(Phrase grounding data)
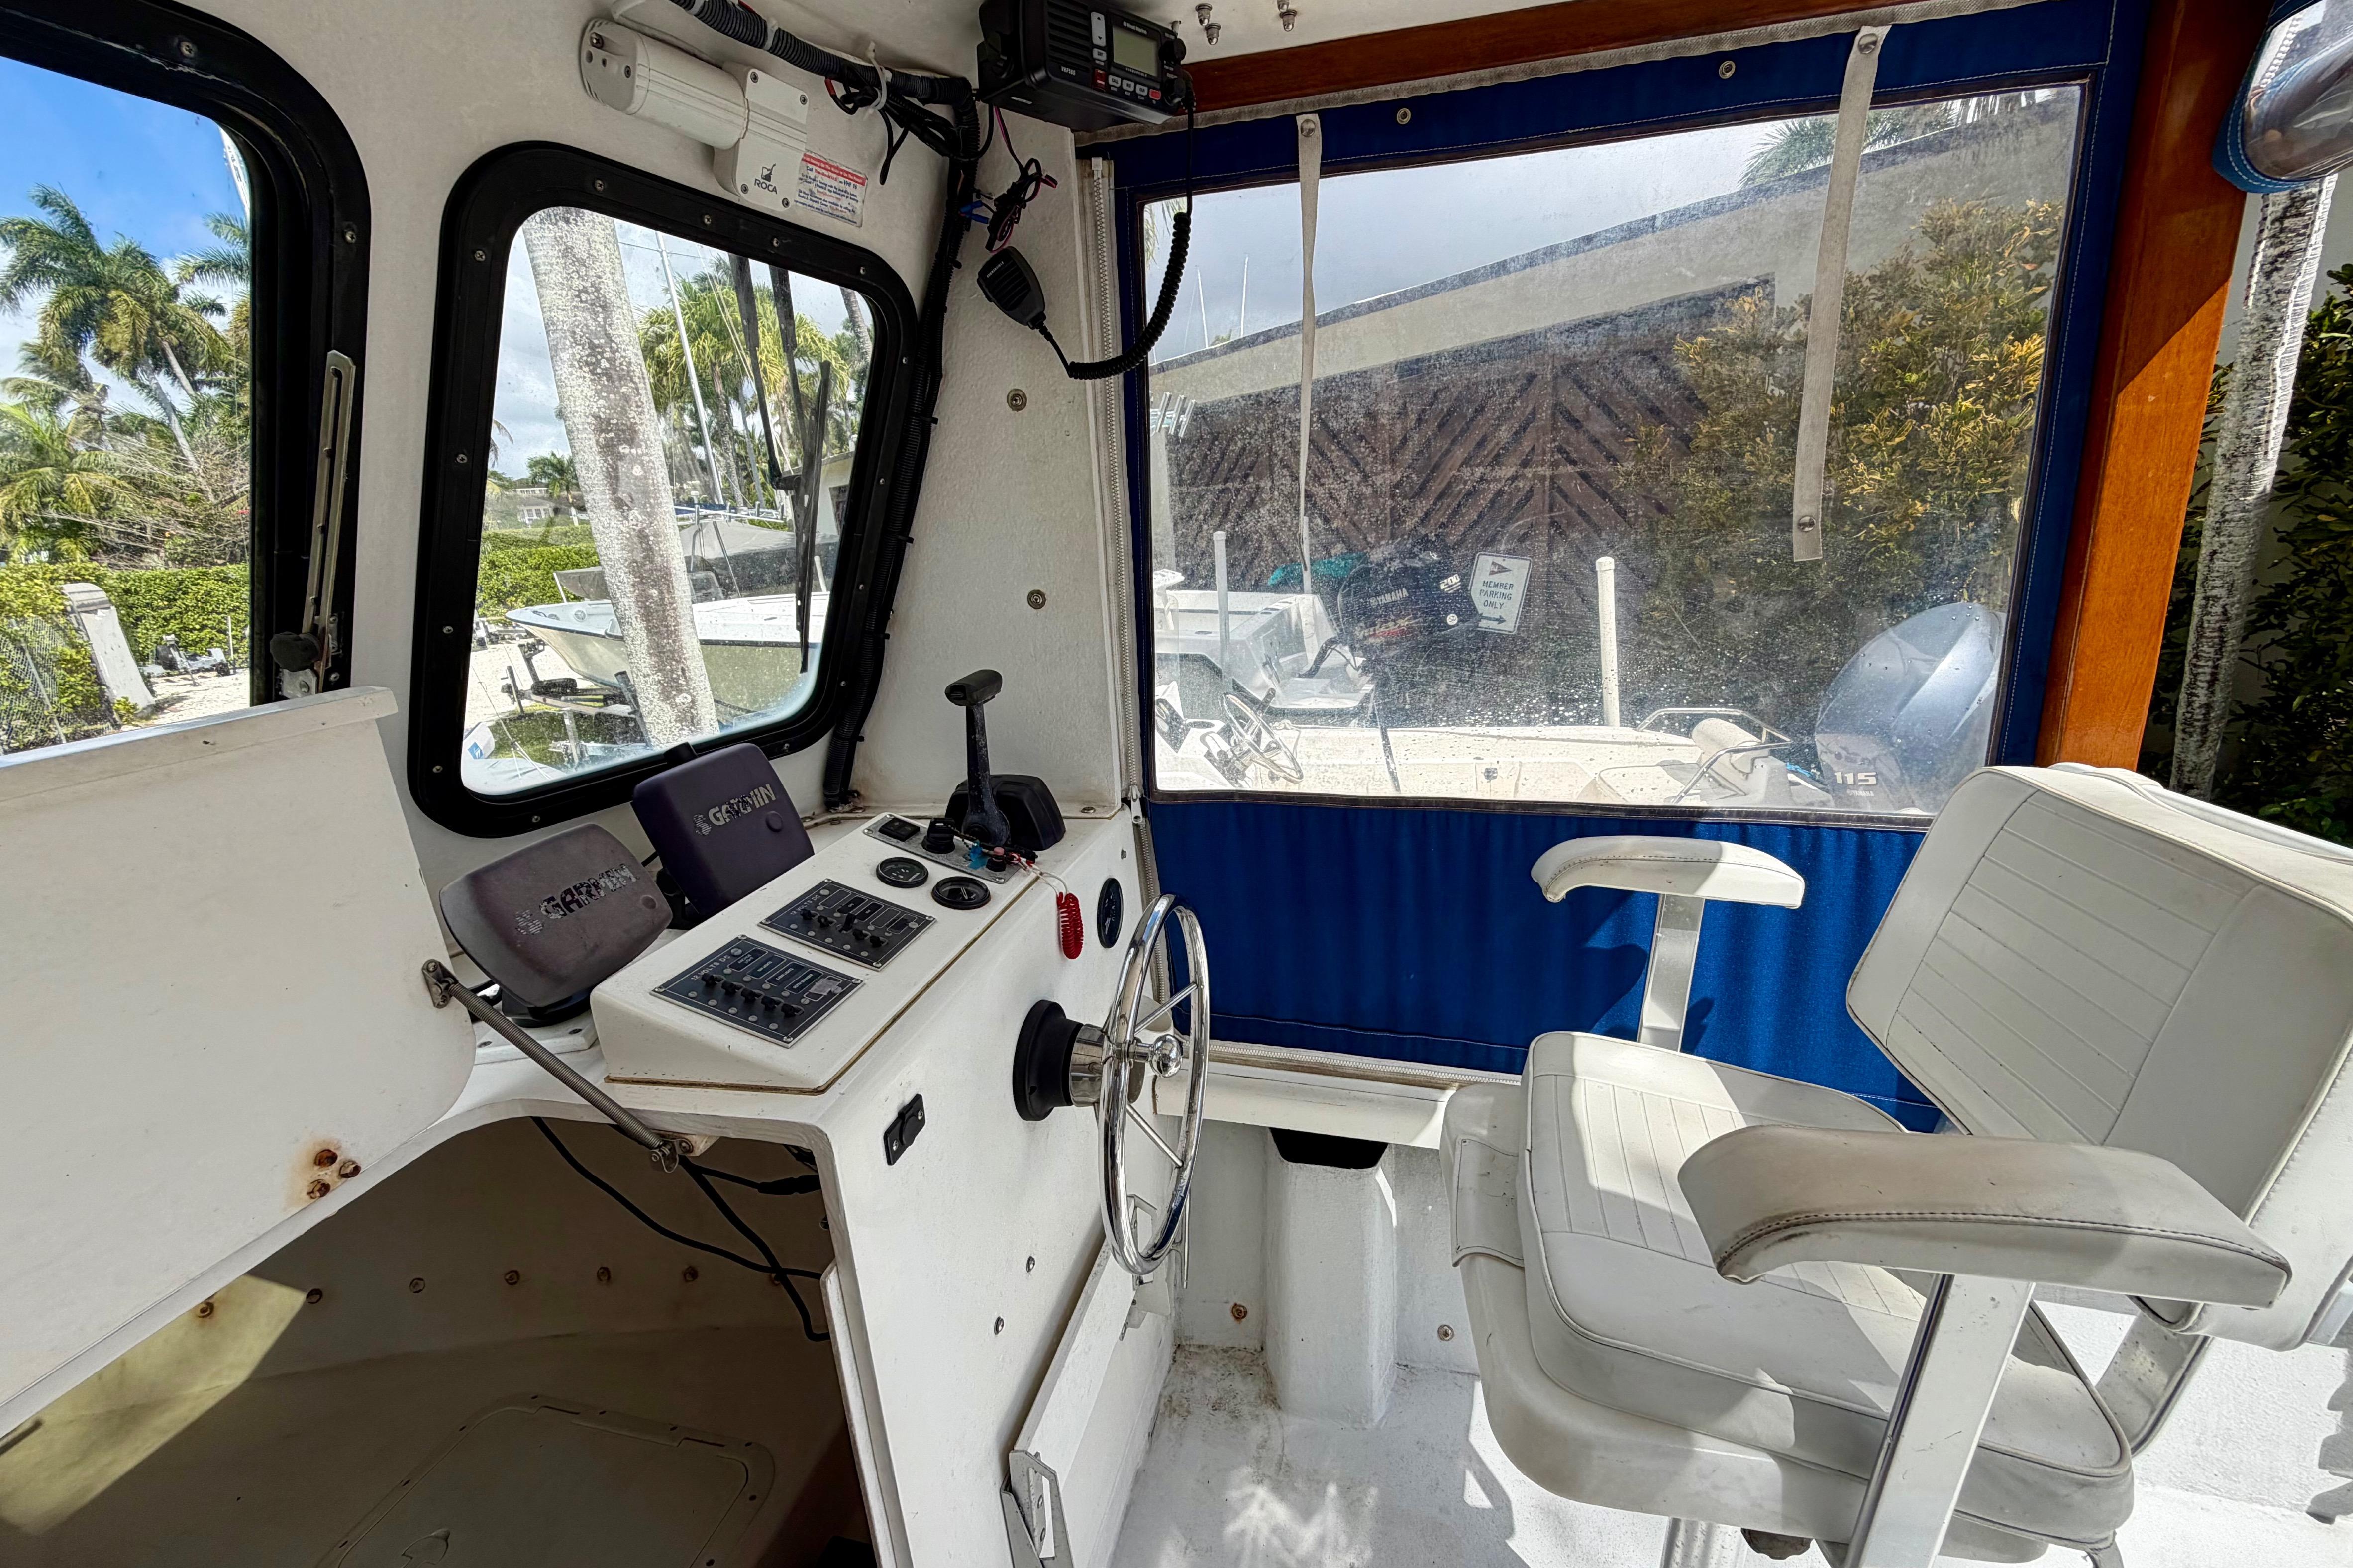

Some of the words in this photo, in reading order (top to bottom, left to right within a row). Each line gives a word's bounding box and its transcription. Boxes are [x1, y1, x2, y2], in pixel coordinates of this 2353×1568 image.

[754, 178, 777, 195] ROCA
[1439, 574, 1461, 589] 200
[1482, 580, 1514, 590] MEMBER
[1376, 588, 1409, 605] YAMAHA
[1479, 589, 1512, 601] PARKING
[1483, 600, 1505, 609] ONLY
[1834, 772, 1877, 785] 115
[708, 784, 777, 826] GARMIN
[539, 863, 638, 920] GARMIN
[796, 900, 813, 911] VOLTS
[698, 962, 720, 975] VOLTS

* EXERCISE BRIEF: Would you give the data above again word for word, skipping any images?

* ANSWER SECTION:
Some of the words in this photo, in reading order (top to bottom, left to right within a row). Each line gives a word's bounding box and its transcription. Boxes are [x1, y1, x2, y2], in pixel coordinates of this 2353×1568 image.

[754, 178, 777, 195] ROCA
[1439, 574, 1461, 589] 200
[1482, 580, 1514, 590] MEMBER
[1376, 588, 1409, 605] YAMAHA
[1479, 589, 1512, 601] PARKING
[1483, 600, 1505, 609] ONLY
[1834, 772, 1877, 785] 115
[708, 784, 777, 826] GARMIN
[539, 863, 638, 920] GARMIN
[796, 900, 813, 911] VOLTS
[698, 962, 720, 975] VOLTS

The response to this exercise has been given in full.